I was on jury duty this week. Unlike my first time as a juror, six years ago, this experience felt a lot more...coerced. I felt like I had been conscripted into something unpleasant. At every step of the way, people reminded us that it was our duty to be there, that it was an inconvenience, that we may be occupied for the next several weeks, that they would let us go as soon as possible but not yet, and that the fate of our democracy depended on our presence in the sad little waiting room. It was like a hostage situation, but more principled.
I had two close brushes with juryhood. The first case was an attempted assault. Someone was accused of beating a Christmas tree vendor with a bicycle chain. The second case was a murder and at attempted murder. That trial would last several weeks. The death penalty would not be an issue before us. We were not to look up this case on the Internet. There had been media attention before, and there would likely be more attention to come. Can we handle that?
Well, I guess I could, probably, but it's not really a good time for me to spend a month as a juror. Not when we're going to Spain and already got Alice a passport, a hellish process involving four post offices in two states. When I made this excuse before the judge I felt very spineless and pathetic, whimpering my way out of jury service. I was excused and sent to a different room upstairs where I got my letter stating that I was done with jury service until 2017, which so far is convenient for me.

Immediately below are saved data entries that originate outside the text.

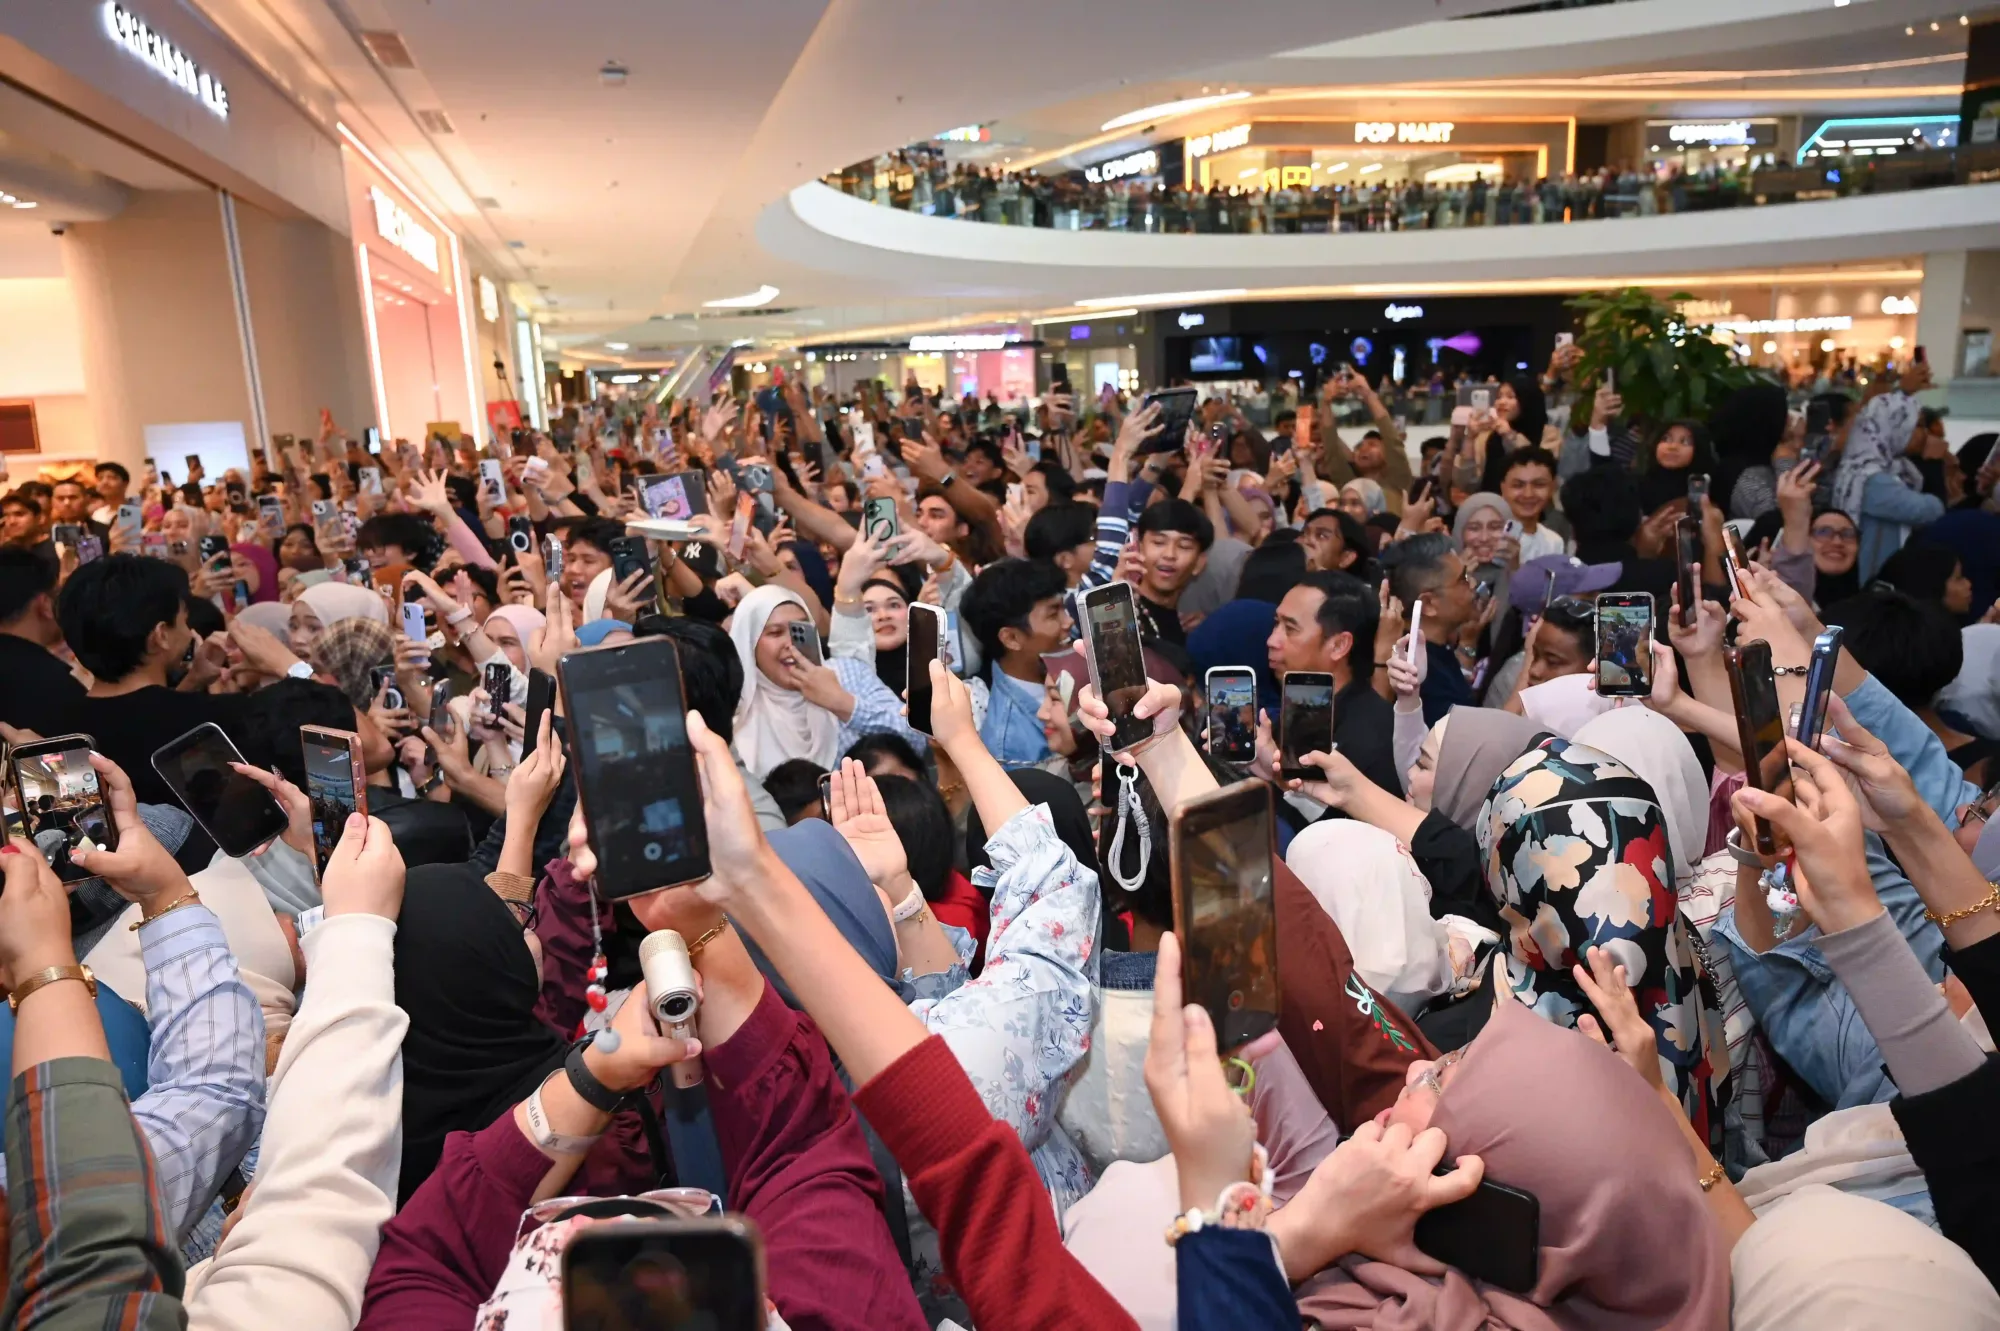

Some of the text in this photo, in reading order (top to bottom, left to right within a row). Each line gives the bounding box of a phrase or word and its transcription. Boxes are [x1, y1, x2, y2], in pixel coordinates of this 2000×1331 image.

[1212, 124, 1252, 152] MART
[1355, 122, 1455, 143] POP MART
[1384, 303, 1424, 322] dyson
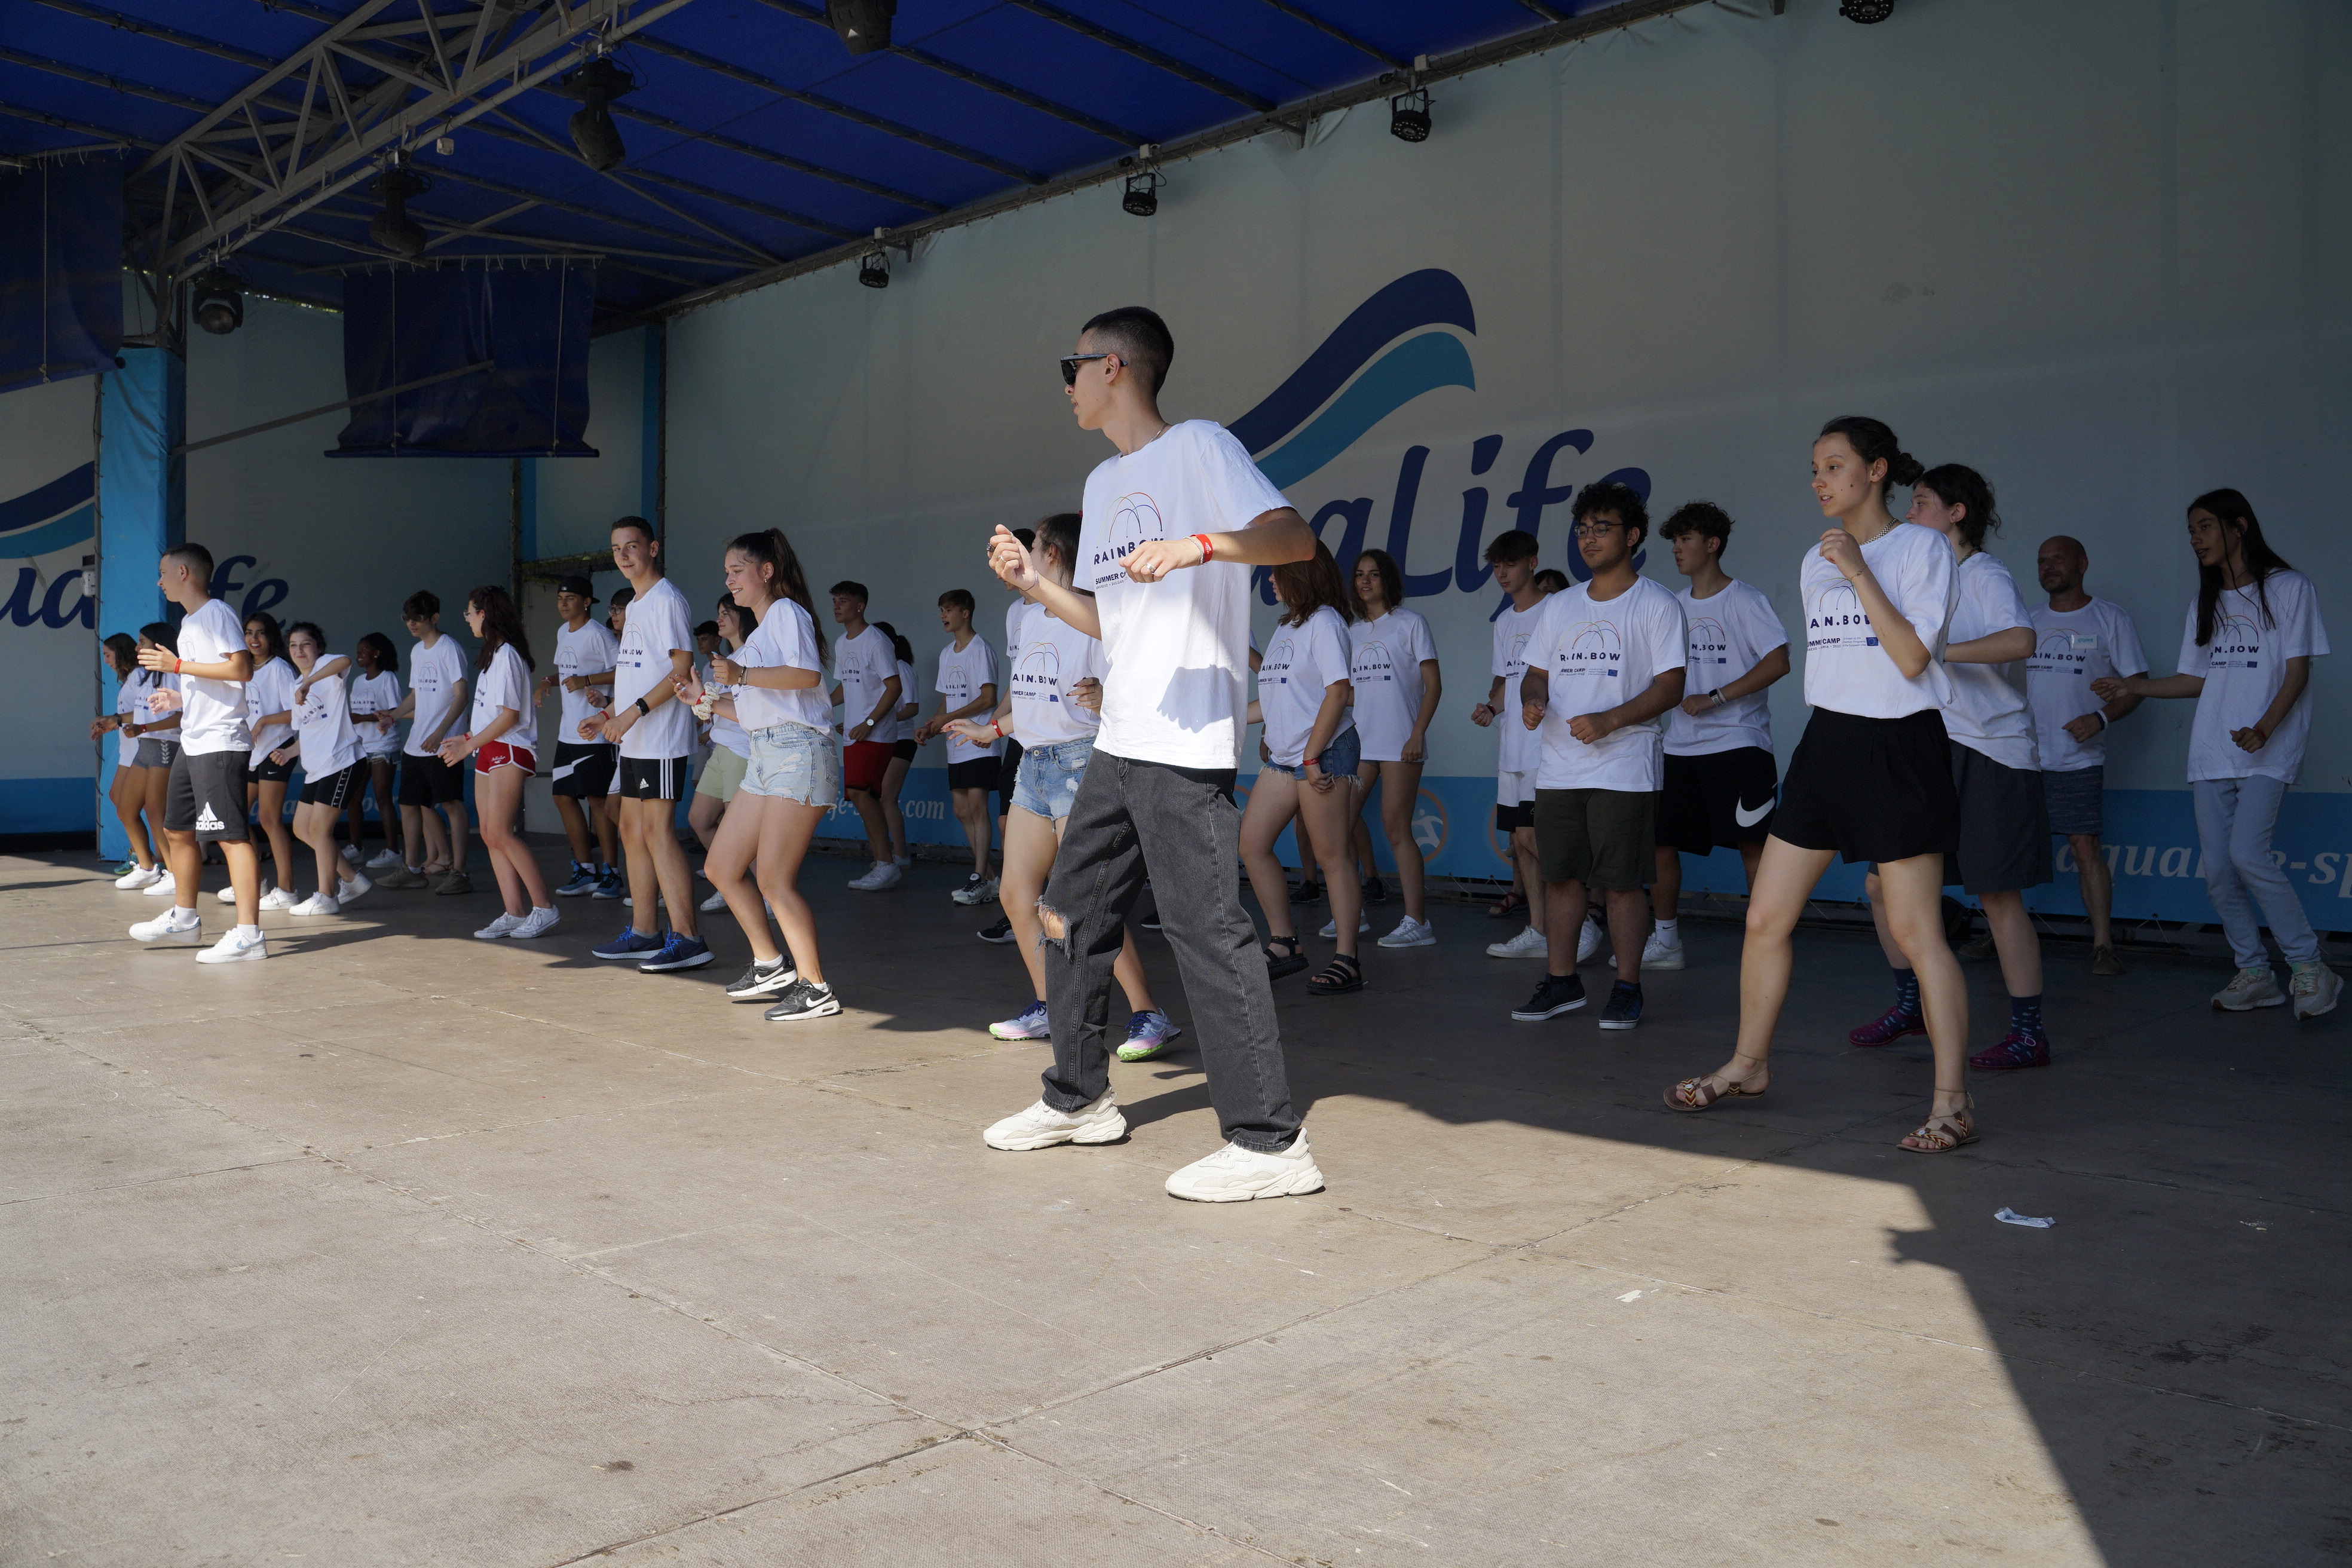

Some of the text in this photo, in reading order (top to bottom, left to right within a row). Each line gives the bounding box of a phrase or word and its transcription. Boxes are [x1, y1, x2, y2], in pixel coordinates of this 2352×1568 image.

[1095, 573, 1119, 584] SUMMER
[1810, 614, 1870, 629] AN.BO
[1260, 663, 1290, 672] AIN.BOW
[1353, 664, 1391, 673] RIN.BOW
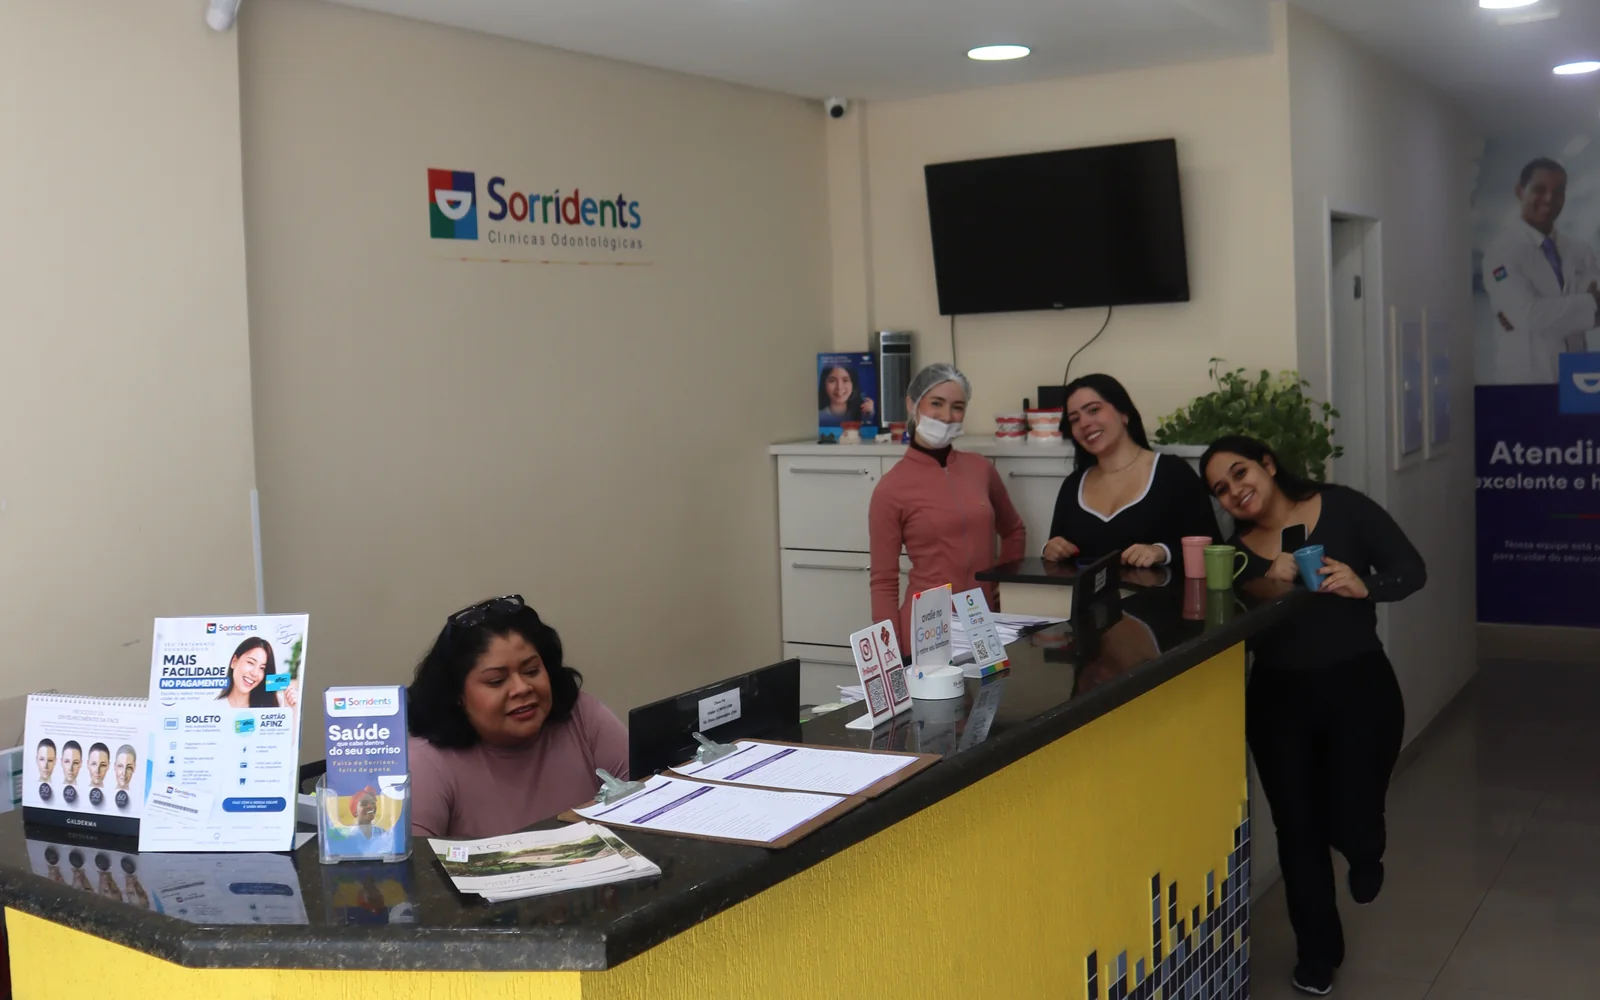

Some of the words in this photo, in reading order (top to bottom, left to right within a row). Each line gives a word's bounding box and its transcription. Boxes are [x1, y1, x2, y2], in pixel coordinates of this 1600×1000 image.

Last week was exhausting, with graduation activities and jury duty. This coming week I have two work retreats, and the slow transition into the summer season of the academic calendar. I'm also trying to submit a story to a few publications/contests with a May 31 deadline, so that should keep me occupied too.
1 comment:
God, twice in your relatively short life. I've never even been approached by a threat of jury duty, but at this point in my life I think I'd kind of enjoy the experience.